Start of Records for this task

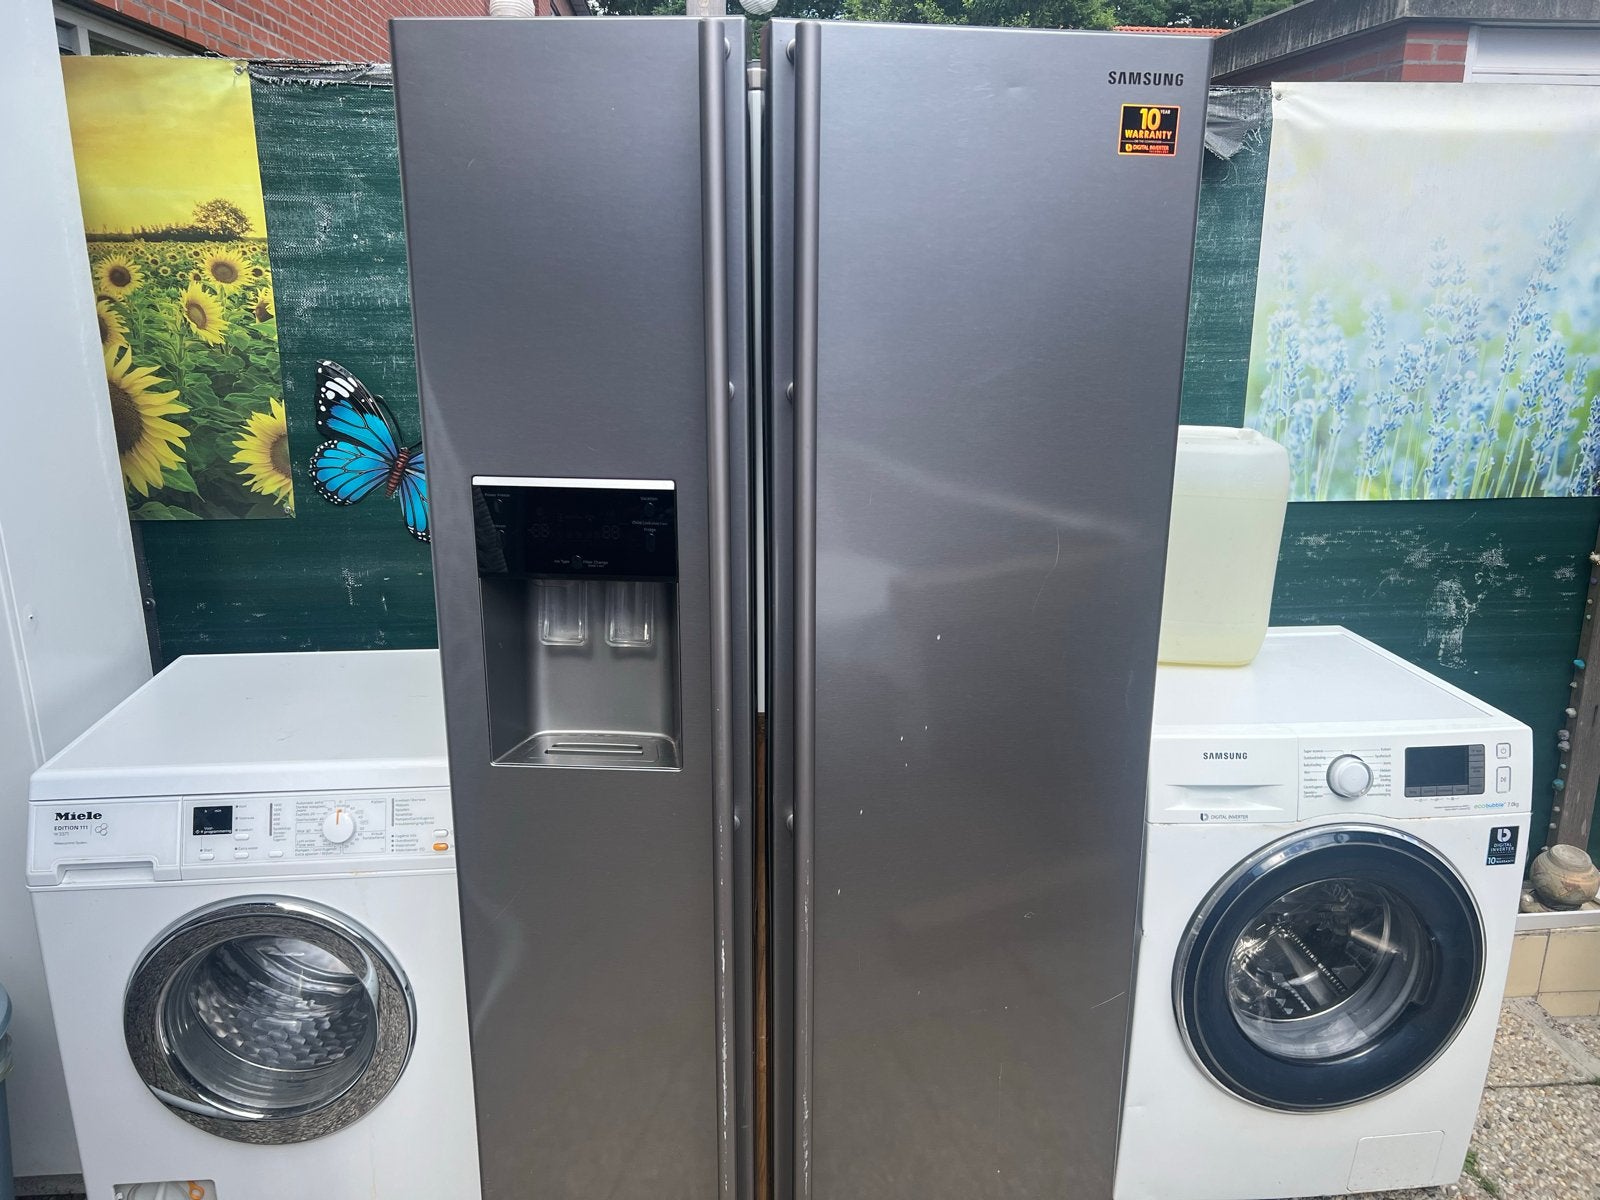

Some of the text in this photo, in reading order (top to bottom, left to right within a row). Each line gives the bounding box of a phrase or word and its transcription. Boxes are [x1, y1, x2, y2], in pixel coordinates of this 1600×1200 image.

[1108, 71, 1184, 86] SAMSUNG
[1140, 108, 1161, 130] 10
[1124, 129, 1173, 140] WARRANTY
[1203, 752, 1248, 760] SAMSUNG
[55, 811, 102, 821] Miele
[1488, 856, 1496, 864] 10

End of Records for this task

> [Required work]
Write out the listing above again, exactly, but with no pictures in the copy.

> [Output for this exercise]
Some of the text in this photo, in reading order (top to bottom, left to right within a row). Each line gives the bounding box of a phrase or word and its transcription. Boxes are [x1, y1, x2, y2], in pixel coordinates of this 1600×1200 image.

[1108, 71, 1184, 86] SAMSUNG
[1140, 108, 1161, 130] 10
[1124, 129, 1173, 140] WARRANTY
[1203, 752, 1248, 760] SAMSUNG
[55, 811, 102, 821] Miele
[1488, 856, 1496, 864] 10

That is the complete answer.